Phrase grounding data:
○ ○ ○ ○ ○ ○ ○
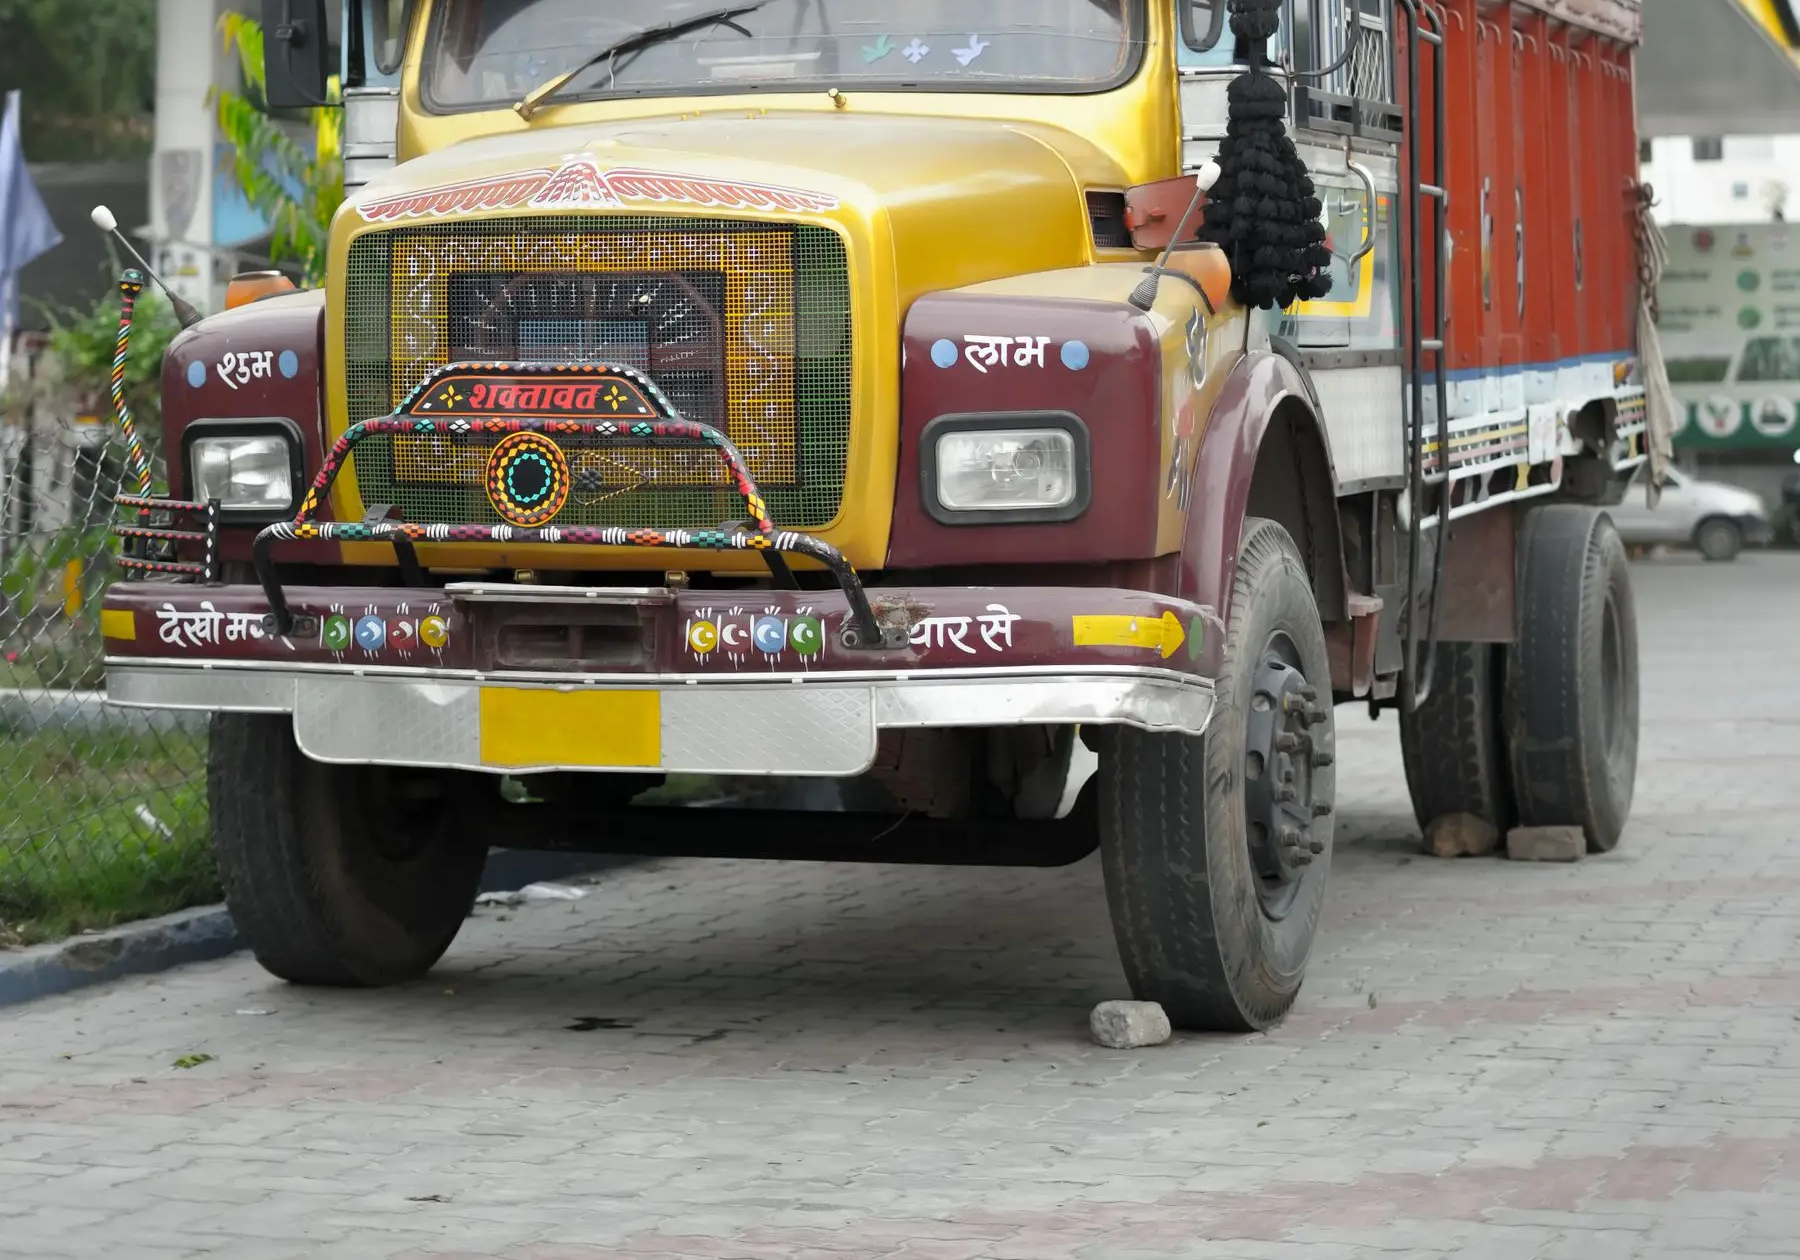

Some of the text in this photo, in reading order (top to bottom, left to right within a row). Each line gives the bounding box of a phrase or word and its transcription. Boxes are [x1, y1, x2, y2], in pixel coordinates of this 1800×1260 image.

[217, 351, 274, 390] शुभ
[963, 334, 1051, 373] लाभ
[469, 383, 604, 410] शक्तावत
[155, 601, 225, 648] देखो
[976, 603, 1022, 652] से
○ ○ ○ ○ ○ ○ ○
### What the task requires
An exact copy of every line above, minus the pictures, is the required output.

### Reply to the task
Some of the text in this photo, in reading order (top to bottom, left to right within a row). Each line gives the bounding box of a phrase or word and its transcription. Boxes are [x1, y1, x2, y2], in pixel coordinates of this 1800×1260 image.

[217, 351, 274, 390] शुभ
[963, 334, 1051, 373] लाभ
[469, 383, 604, 410] शक्तावत
[155, 601, 225, 648] देखो
[976, 603, 1022, 652] से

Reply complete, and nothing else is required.